For instance, Hack allows the use of self
to access type constants, which can be used to denote a method’s return type.
final class TypeConstantExample {
const type T = string;
public function example(): self::T {
return "Hello world!\n";
}
}
One can also use self::class
to get the name of the current class, as if accessing a static variable on the class. In both of these scenarios, it is exactly the same to use the class’s name (if accessible) directly.

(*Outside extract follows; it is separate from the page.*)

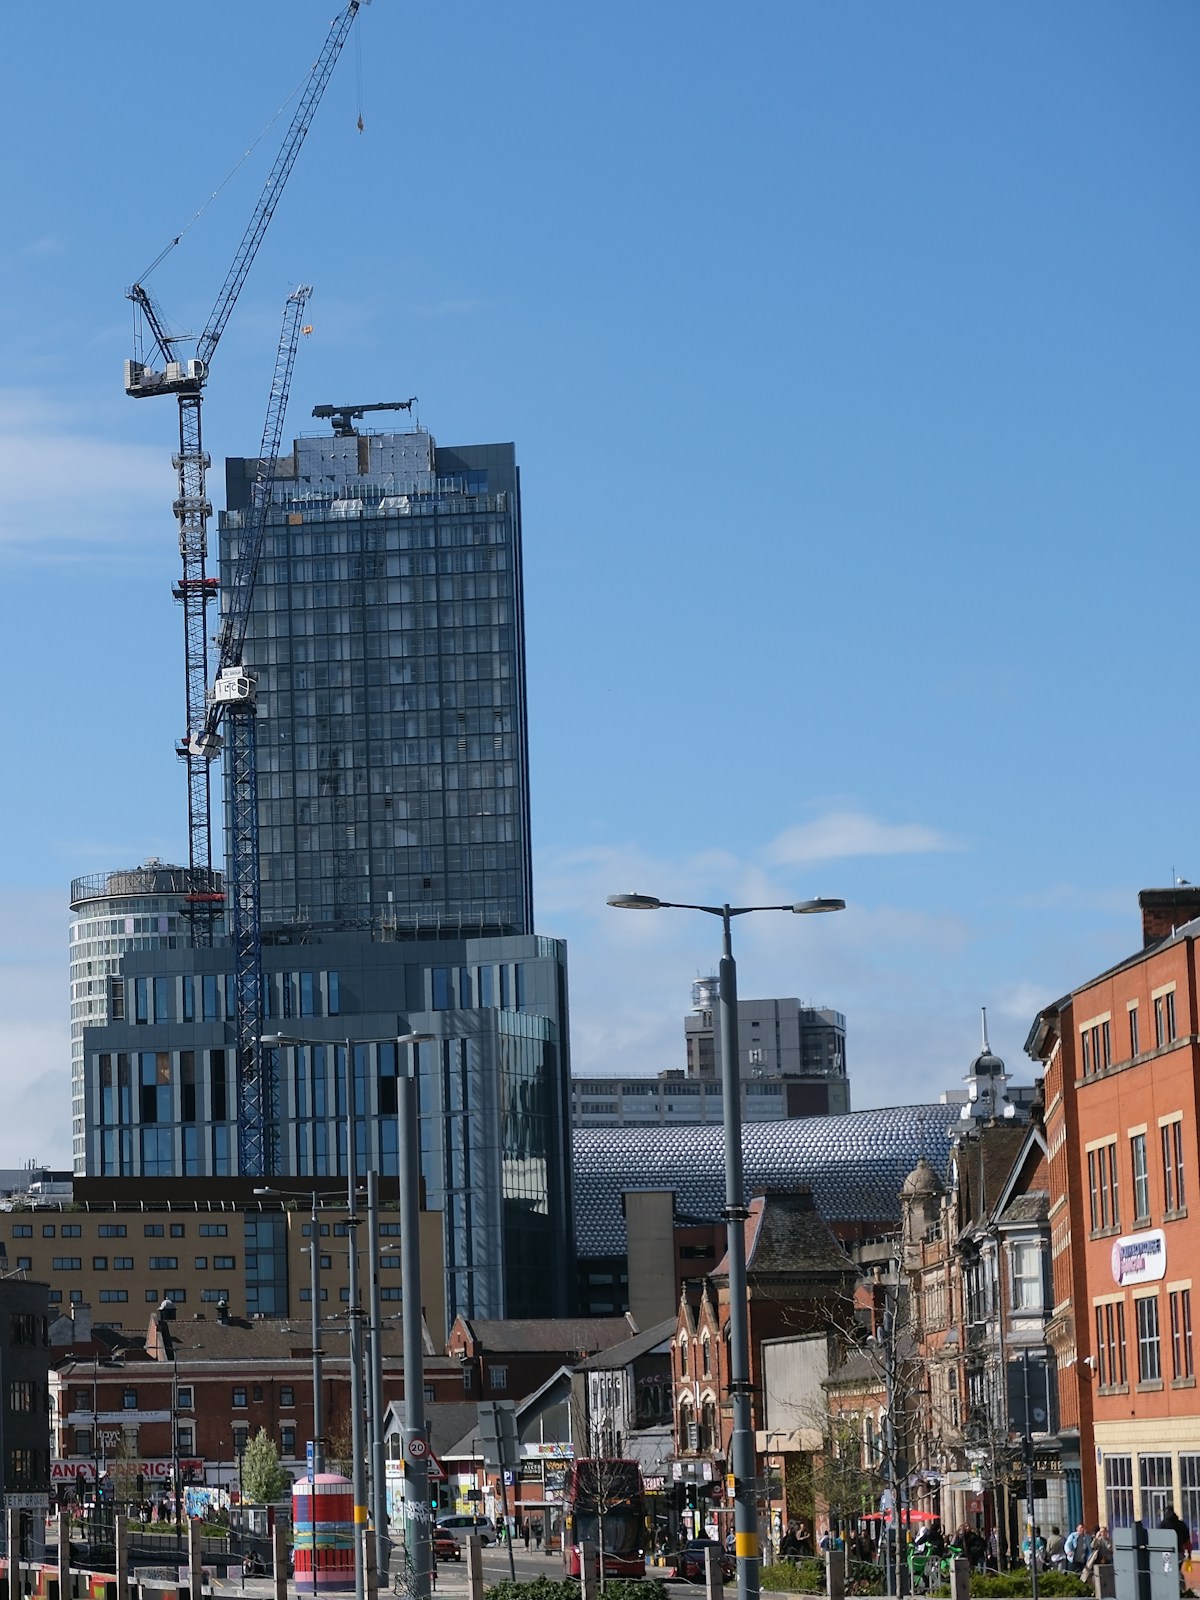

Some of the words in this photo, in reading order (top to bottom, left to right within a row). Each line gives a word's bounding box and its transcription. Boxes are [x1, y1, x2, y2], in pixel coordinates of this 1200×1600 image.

[411, 1444, 424, 1452] 20
[50, 1463, 97, 1477] ANCY
[106, 1462, 175, 1477] FABRICS

But there are two areas of confusion for users. Some are confused as to why Hack’s typechecker does not allow you to use self
directly as a type to return.
final class ReturnExample {
public function return_self(): self { // Actually an error
return new ReturnExample();
}
}
It is easy to see where the confusion lies. After all, there are two scenarios where self
functions exactly like the class name. But at the same time, allowing self
to function completely like a shorthand for the class name simply serves to obscure the fact that when using self::
to call a static method, it actually has very different semantic meaning from using the class name directly, as demonstrated above.
By reusing self
in features where the calling class context is not important, the complexity of the language grows in a way that affects a user’s understanding and expectations of the language and those features.

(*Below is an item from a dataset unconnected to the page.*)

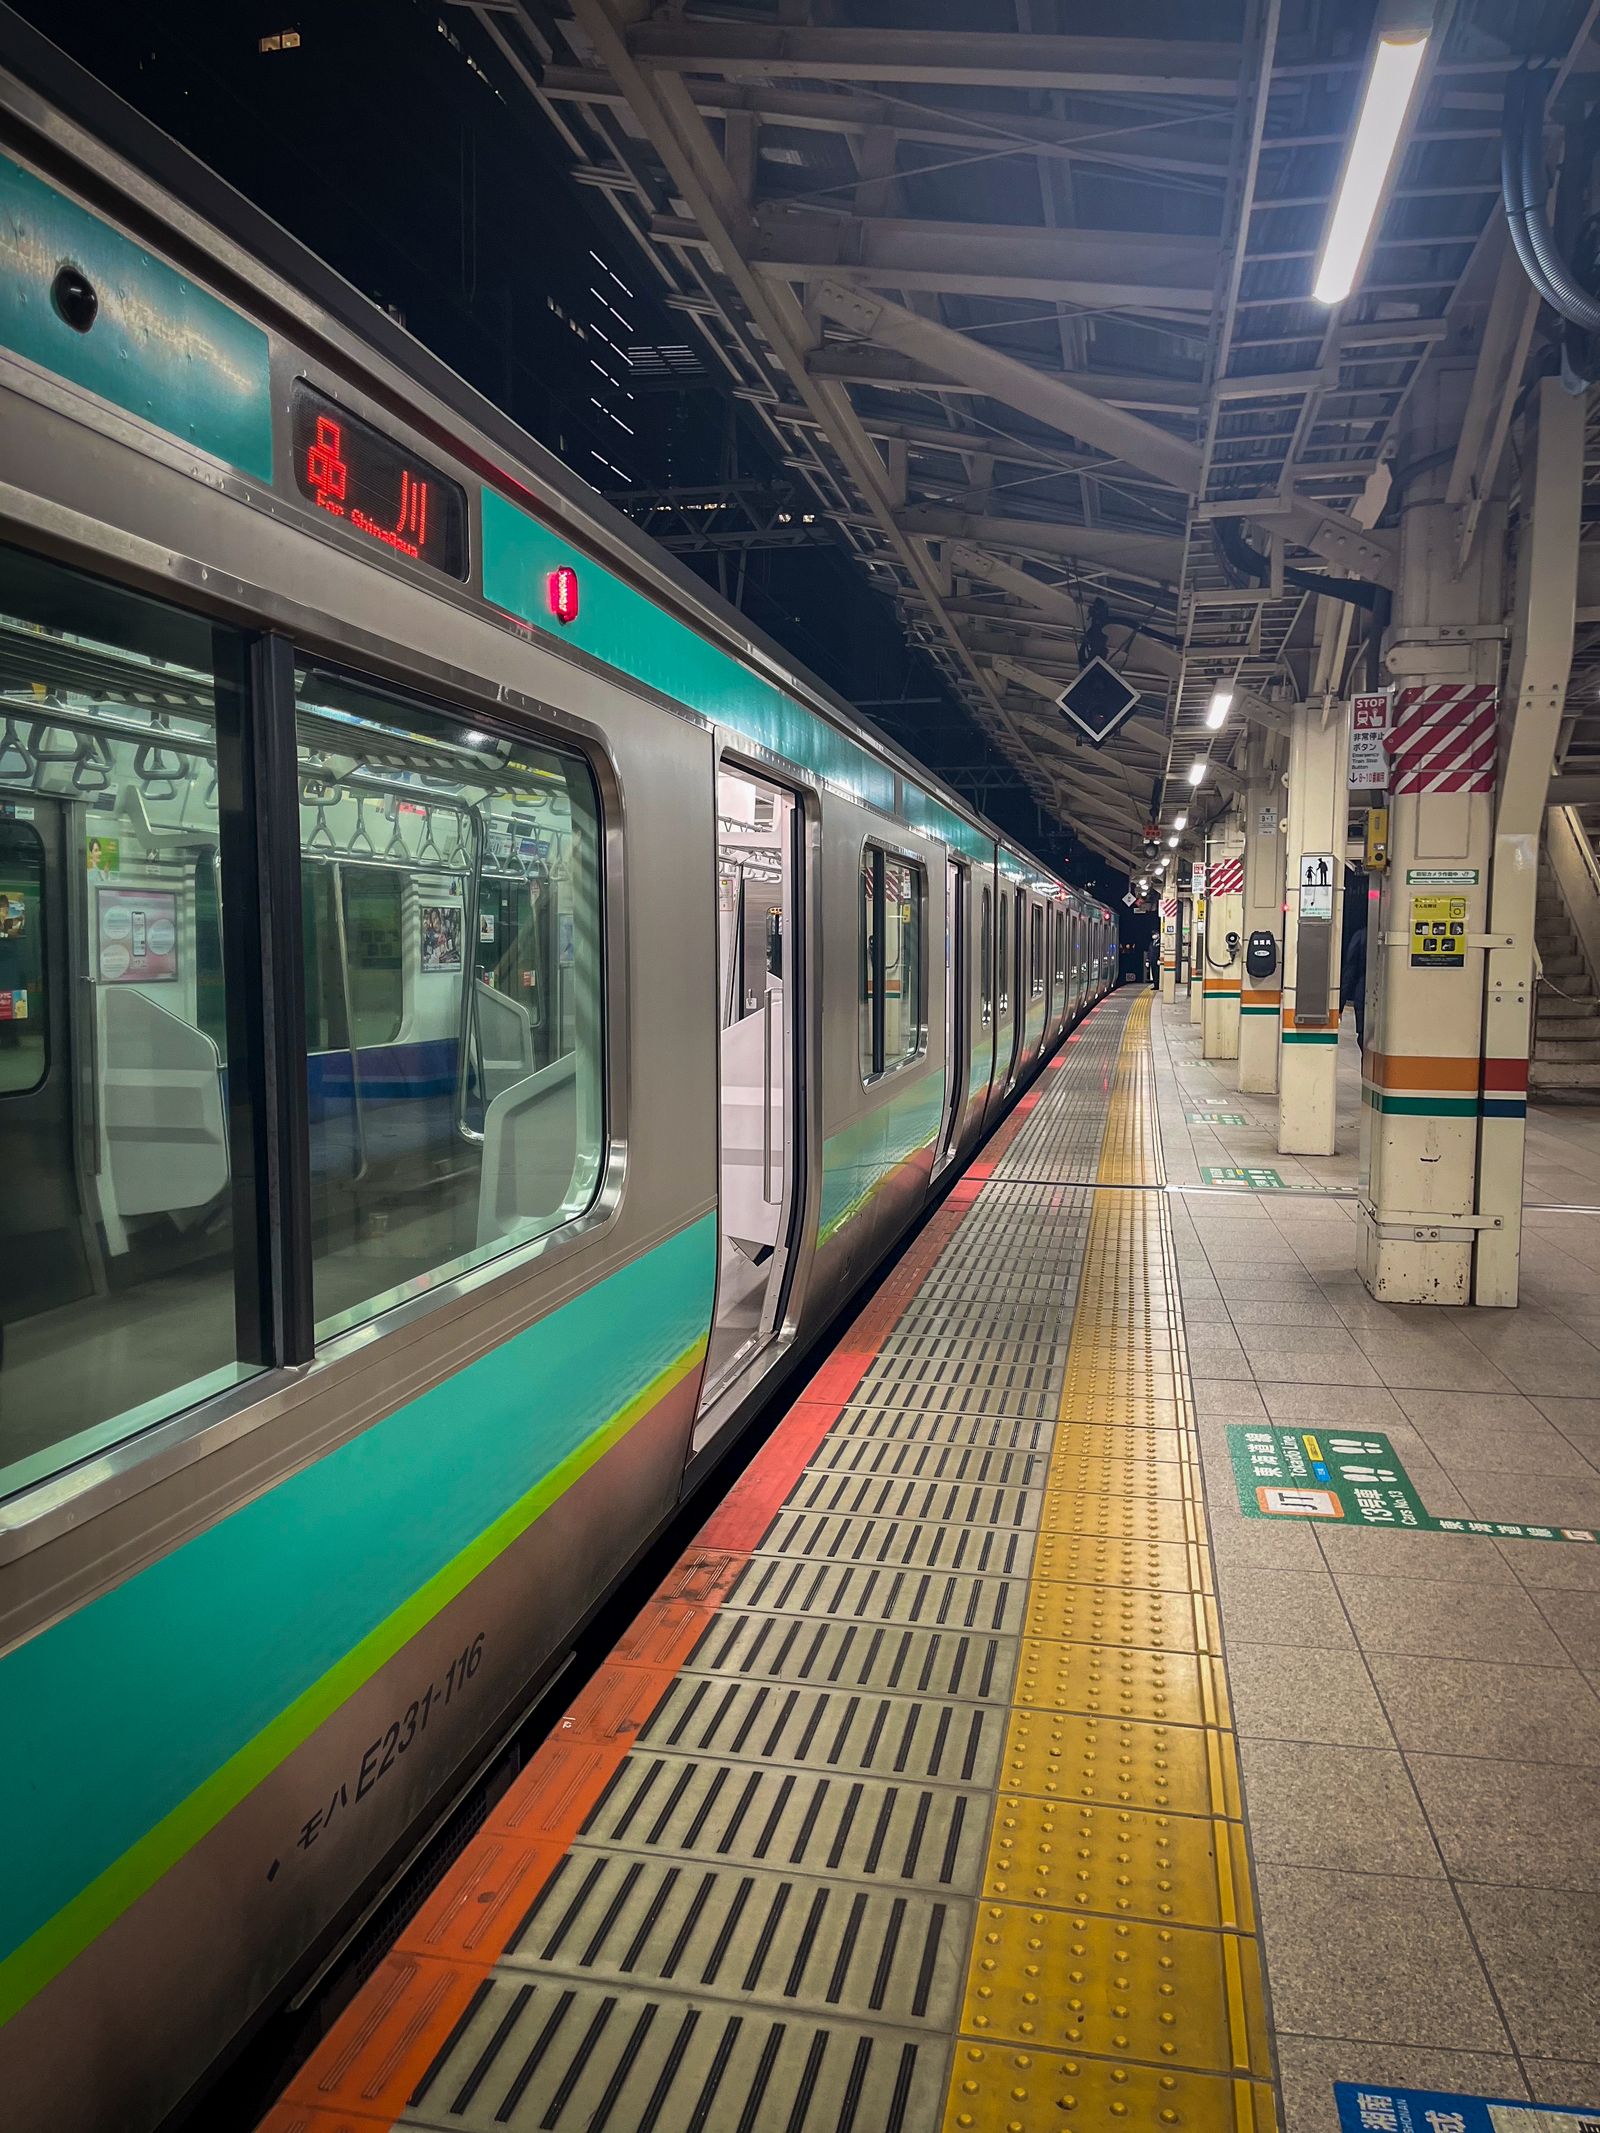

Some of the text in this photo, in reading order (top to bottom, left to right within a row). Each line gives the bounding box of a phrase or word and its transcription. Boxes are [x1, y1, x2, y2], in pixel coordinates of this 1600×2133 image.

Finally, let’s examine a feature interaction that occurs if we were to add an additional feature to Hack. Currently, neither Hack nor PHP have first class function pointers. But let’s imagine we were designing the feature. In order to get a function pointer to a method or a function, let’s simply leave off the parentheses that indicate that it is a method invocation.
final class MyExample {
public static function example_method(): void {
print "Hello World\n";
}
}
// Gets a function pointer
$x = MyExample::example_method;
$x();
> Hello World
$x();
> Hello World
On its own, function pointers seem like a relatively simple feature. But what about the following?
class MyExample {
public static function foo(): void {
print "Will a child class override me?\n";
}
public static function bar(): void {
static::foo();
}
public static function function_pointer_example(): void {
$x = self::foo;
$x();
}
}
final class ChildExample {
<<__Override>>
public static function foo(): voi {
print "I overrode the base method\n";
}
}
ChildExample::function_pointer_example();
Does self::foo
capture the class calling context or not? What is correct here? What would people expect, given that the language also has self::class
? Is it even legal to capture self::foo
? Why or why not? If it isn’t legal, why is self::class
legal?
In this feature interaction, we demonstrate that even a relatively simple concept in function pointers, may still have corners of design complexity where the questions, though there may be no “right” answer, are still difficult to answer.
Of note in this examination of late static bindings is that the complexity of the feature is not inherently in the feature itself. By itself, reasoning about any single feature is manageable. It is in the interaction of late static bindings and other features where the complexity emerges. Additionally, for each of the other language features mentioned, this
, function pointers, and __Memoize
, they too have additional complexity found in their interactions with other features not mentioned here.
Another important aspect of this discussion is the temporal aspect. Adding a feature to small language can be easier because there are fewer interacting features to account for. However, each additional feature added has now contributed to the potential complexity of the next feature. And it can be hard to predict what new features will want to be added to the language. After all, the decision to allow overriding of static methods culminated in late static bindings, and the decision to allow late static bindings allowed static::class
and other features.
Still, as evidenced by the addition of new features, languages can be changed to fit the needs of programmers and learn from previous missteps.